The disclosure follows a separate instance last month involving a belated CIA acknowledgment that it possessed interrogation tapes sought in the trial of accused September 11 conspirator Zacarias Moussaoui.

Democrats in both the Senate and House of Representatives called for congressional investigations.

Sen. John Rockefeller of West Virginia, Democratic chairman of the Senate Intelligence Committee, said Congress did not learn about the tapes' destruction until November 2006 - two months after the full panel was briefed on the interrogation program.

The news also drew fire from the American Civil Liberties Union, which has mounted a legal effort to acquire Justice Department documents it believes authorized harsh interrogations.

"The destruction of these tapes suggests an utter disregard for the rule of law. It was plainly a deliberate attempt to destroy evidence that could have been used to hold CIA agents accountable for the torture of prisoners," ACLU National Security Project Director Jameel Jaffer said in a statement.

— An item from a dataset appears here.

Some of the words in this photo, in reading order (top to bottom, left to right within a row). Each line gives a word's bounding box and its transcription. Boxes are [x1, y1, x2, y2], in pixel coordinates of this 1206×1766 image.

Jennifer Daskal, senior counsel with Human Rights Watch, said destroying the tapes was illegal. "Basically this is destruction of evidence," she said, calling Hayden's explanation that the tapes were destroyed to protect CIA identities "disingenuous."

The detention and interrogation program was confirmed by President George W. Bush in 2006. Under it, terrorism suspects have been subjected to harsh interrogation methods, including a form of simulated drowning known as waterboarding.

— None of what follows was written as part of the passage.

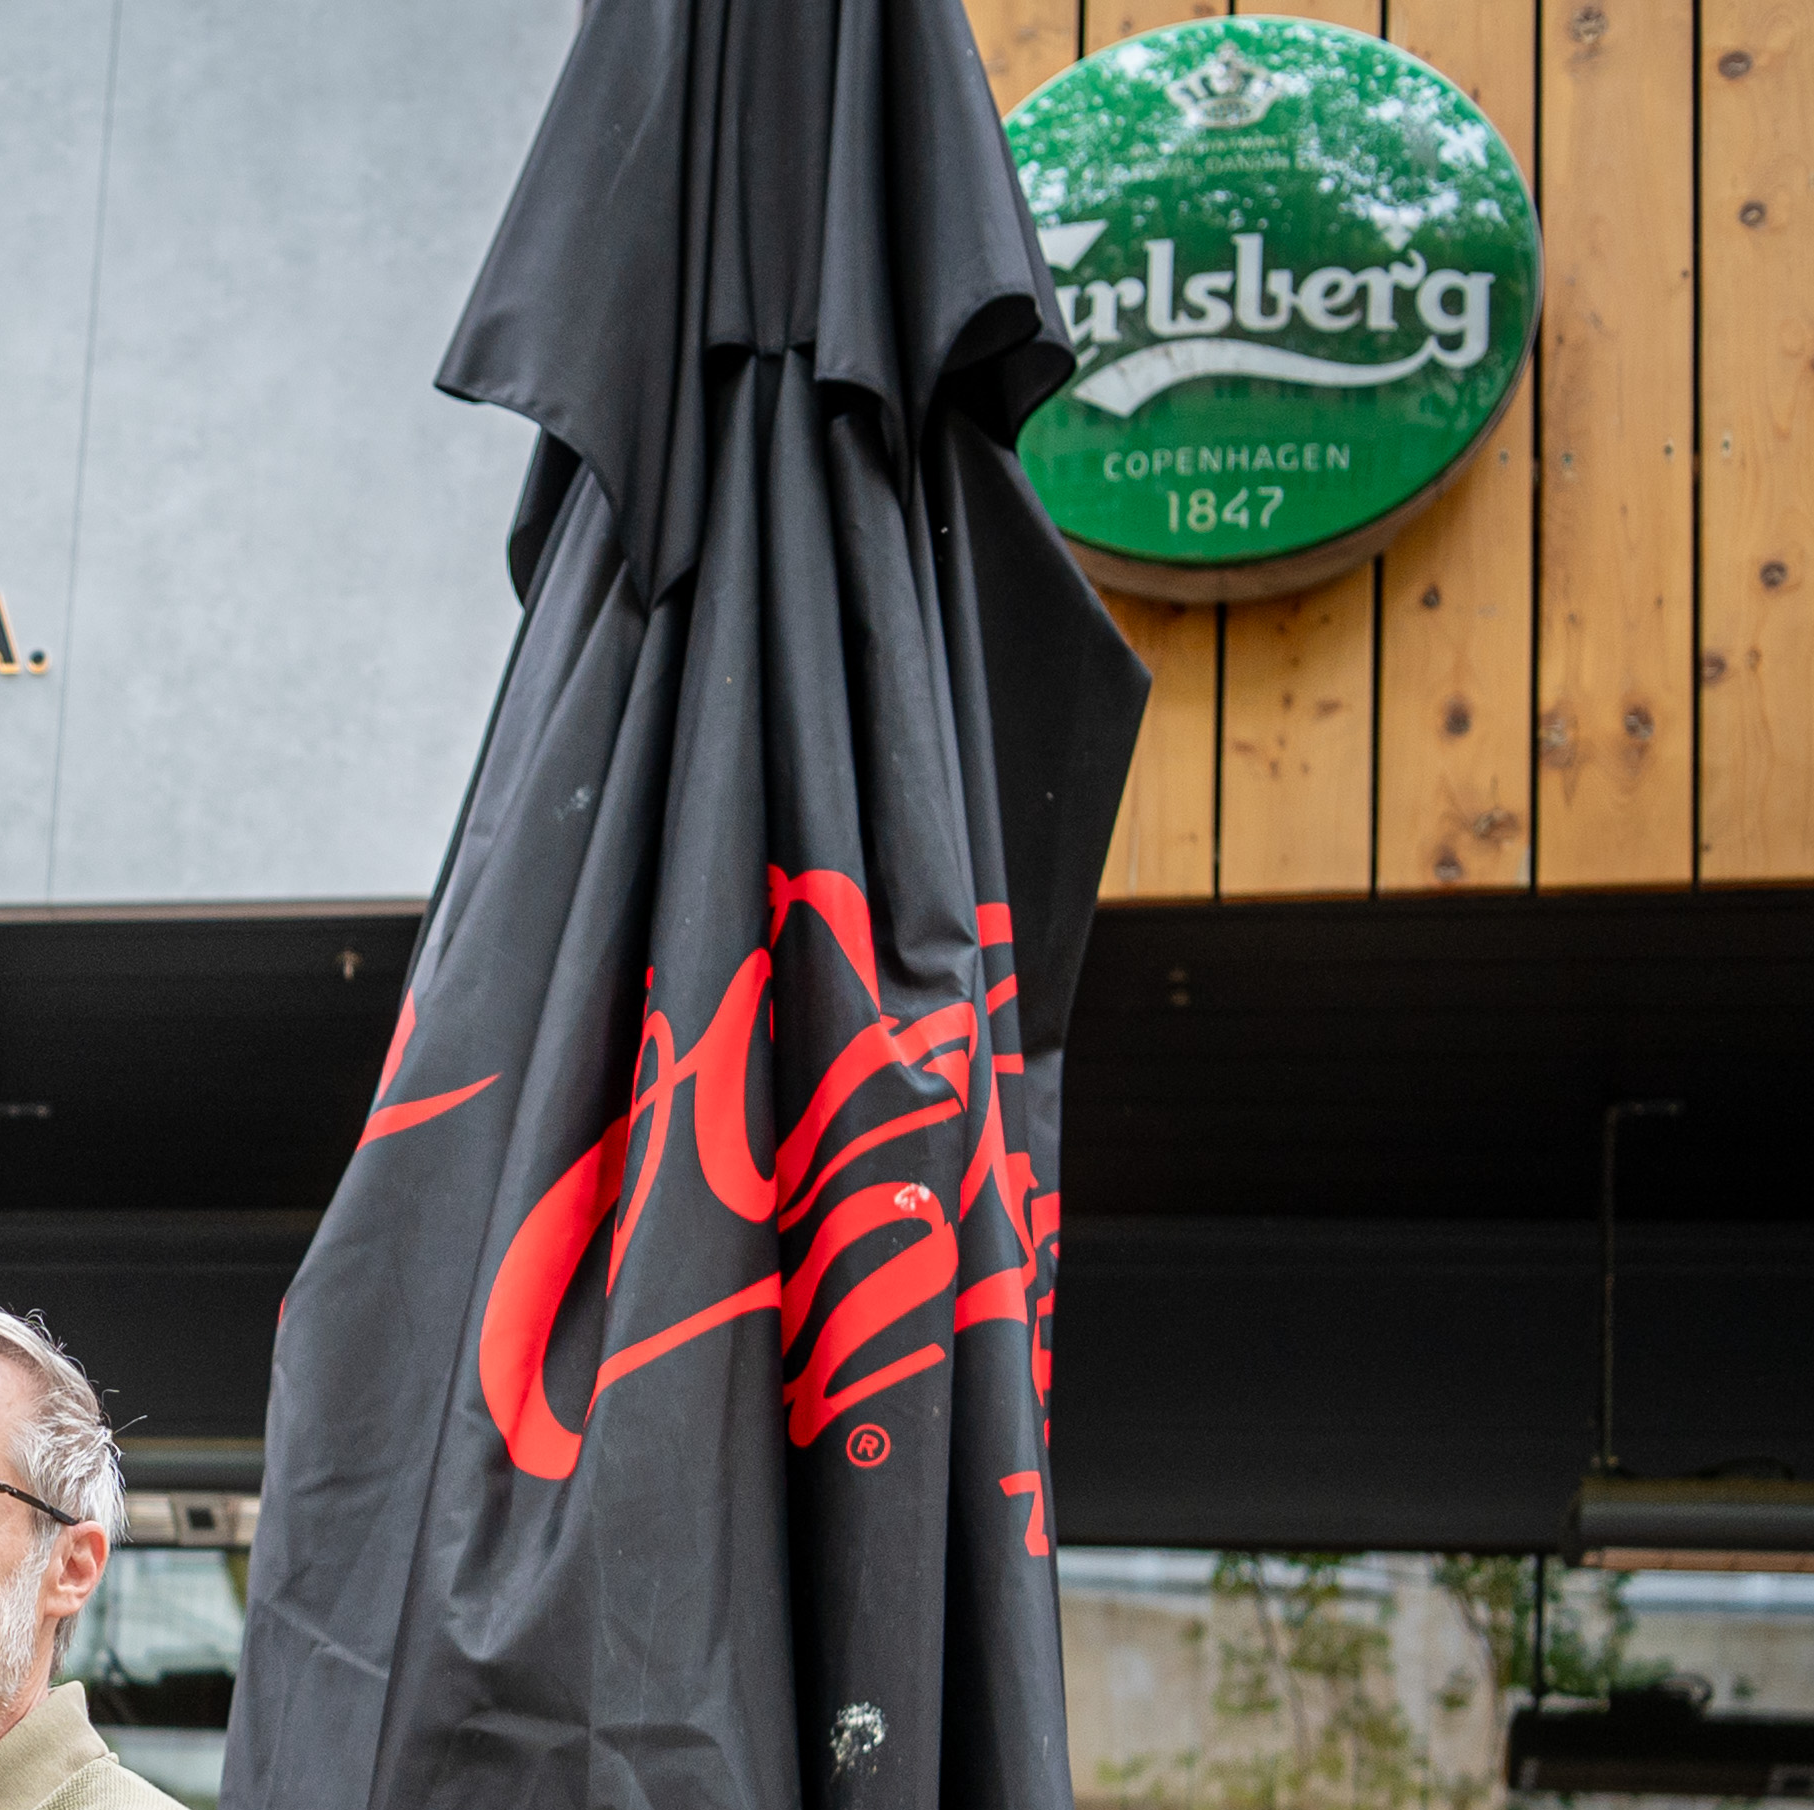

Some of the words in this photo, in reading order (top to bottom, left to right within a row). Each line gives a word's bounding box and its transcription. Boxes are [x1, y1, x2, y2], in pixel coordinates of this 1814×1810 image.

[1037, 219, 1496, 370] arlsberg
[1103, 441, 1352, 482] COPENHAGEN
[1167, 485, 1285, 533] 1847

Many countries, US politicians and human rights groups have denounced waterboarding as torture. It is believed three "high-value" CIA detainees were subjected to waterboarding and that technique has not been used in the program since 2003.

CIA spokesman George Little declined to characterise details of the videotaped interrogations.

Hayden said in the letter that new techniques were needed to obtain information from Zubaydah and others.

He said the techniques were "lawful, safe and effective," and approved by the Justice Department and executive branch. But the CIA wanted to make sure it was within the law, "So, on its own, the CIA began to videotape interrogations," he said.

He said the CIA stopped the taping because officials concluded it was not needed as a backup to the agency's other means of documenting interrogations. It destroyed the tapes after making sure they had no more intelligence value and were not relevant to any inquiries.

Federal prosecutors revealed last month the CIA erroneously told a court in the Moussaoui case it did not have any interrogation recordings of certain "enemy combatants," when it in fact had two videotapes and an audiotape.

Moussaoui pleaded guilty and was sentenced to life in prison.